For example, given replicationFactor of 4, a clockwise ring may be constructed with the following replica map: {{0, 2}, {2, 3}, {3, 1}, {1, 0}}
Each replica must be represented once as a key (source) and once as a value (destination).
debugContext – Optional DebugId and program name.

class ErrorProgram : public poplar::program::Program 

Public Functions

ErrorProgram(StringRef message, Tensor debugTensor, const DebugContext &debugContext = {})

Throw an error.

Prints out a message and then throws an error.

Parameters

message – String to print.
debugTensor – tensor that will be printed after the message to aid debugging.
debugContext – Optional DebugId and program name.

class Execute : public poplar::program::Program 

#include <Program.hpp>

Program that executes a compute set in the graph.

Public Functions

explicit Execute(ComputeSet cs, const DebugContext &debugContext = {})

Construct a graph execution program.

Parameters

cs – The compute set to execute.
debugContext – Optional DebugId and program name.

Execute(ComputeSet cs, Tensor t, const DebugContext &debugContext = {})

Construct a graph execution program and write the exit status to a scalar tensor.

The exit status is the logical and of the values returned by the compute() method of all the vertices in the compute set.

Deprecated:: Use vertices to explicitly write to a result Tensor instead.

See also

Vertex and MultiVertex

Parameters

cs – The compute set to execute.
t – The tensor to write the exit status to.
debugContext – Optional DebugId and program name.

class If : public poplar::program::Program 

#include <Program.hpp>

A program that runs one of two programs depending on the value of a scalar tensor.

Public Functions

If(Tensor predicate, const Program &trueBody, const Program &falseBody, const DebugContext &debugContext = {})

A program that executes trueBody or falseBody depending on the value of predicate.

You can pass an empty Sequence to either trueBody or falseBody if you don’t want that branch to do anything. Any non-zero value of the predicate is treated as true.

Parameters

predicate – The scalar tensor (of type BOOL, UNSIGNED_INT, INT, SHORT or UNSIGNED_SHORT) that determines which branch to execute.
trueBody – This program is run if the predicate is true.
falseBody – This program is run if the predicate is false.
debugContext – Optional DebugId and program name.
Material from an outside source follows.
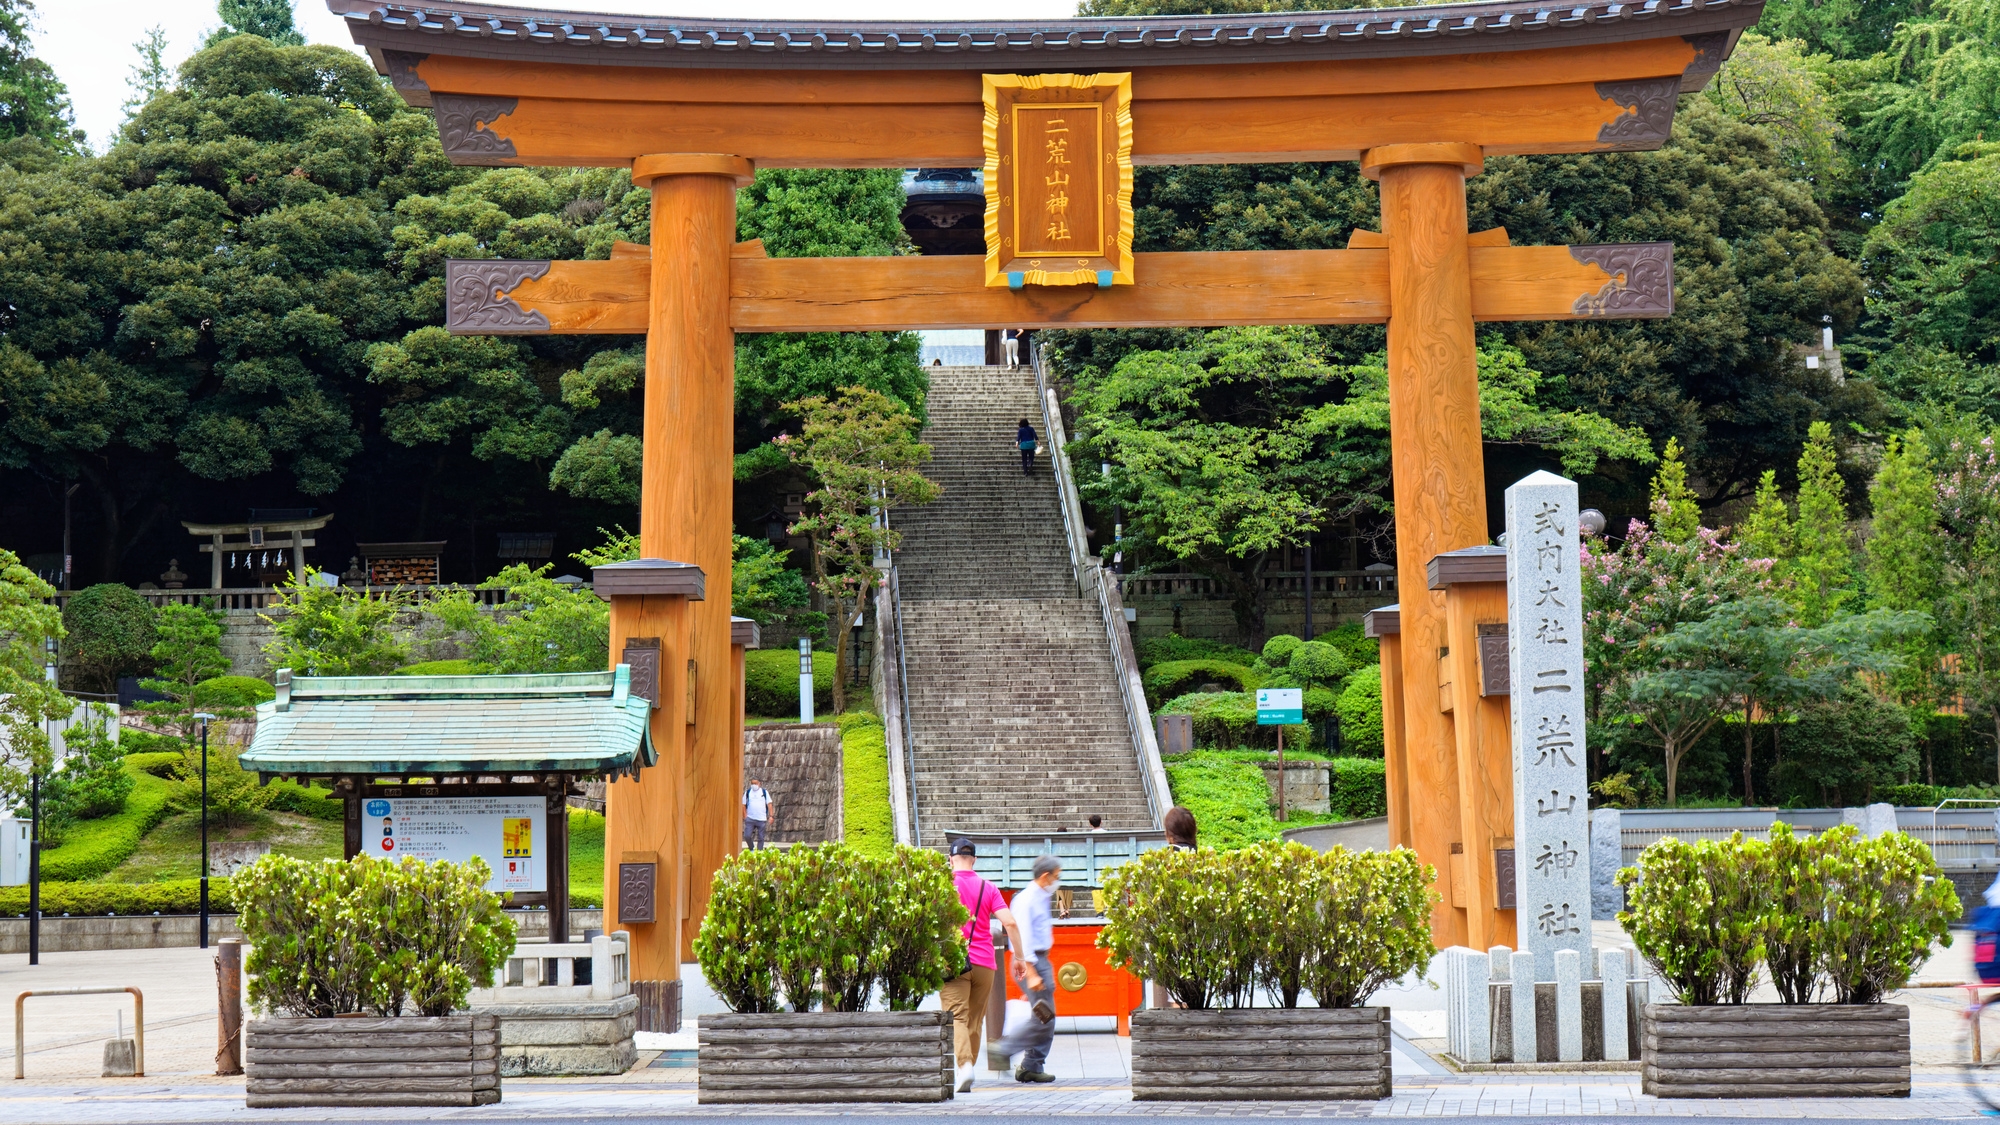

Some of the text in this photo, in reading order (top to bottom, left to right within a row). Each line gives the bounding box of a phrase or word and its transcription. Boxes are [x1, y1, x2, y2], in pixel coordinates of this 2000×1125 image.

[1045, 118, 1071, 240] 二荒山神社
class Loop : public poplar::program::Program 

#include <Program.hpp>

A program that executes for an indefinite number of iterations.

Public Functions

Loop(const Program &prog, const DebugContext &debugContext = {})

Construct a program which repeats indefinitely.

Parameters

prog – The program to repeatedly execute.
debugContext – Optional DebugId and program name.

class PrintTensor : public poplar::program::Program 

Public Functions

PrintTensor(Tensor t, const PrintTensorFmt &fmt, const DebugContext &debugContext = {})

Print the contents of a tensor.

You can send the output to a different stream by using the Engine::setPrintTensorStream function.

Parameters

t – The tensor to print.
fmt – The print format.
debugContext – Optional DebugId and program name.

PrintTensor(StringRef title, Tensor t, const PrintTensorFmt &fmt, const DebugContext &debugContext = {})

Print the name and contents of a tensor.

Parameters

title – The name of the tensor
t – The tensor to print.
fmt – The print format.
debugContext – Optional DebugId and program name.

PrintTensor(Tensor t, const DebugContext &debugContext = {})

Print the name and contents of a tensor.

Parameters

t – The tensor to print.
debugContext – Optional DebugId and program name.

PrintTensor(StringRef title, Tensor t, const DebugContext &debugContext = {})

Print the name and contents of a tensor.

Parameters

title – The name of the tensor
t – The tensor to print.
debugContext – Optional DebugId and program name.

class Program

#include <Program.hpp>

This class represents a control program that executes operations on the graph.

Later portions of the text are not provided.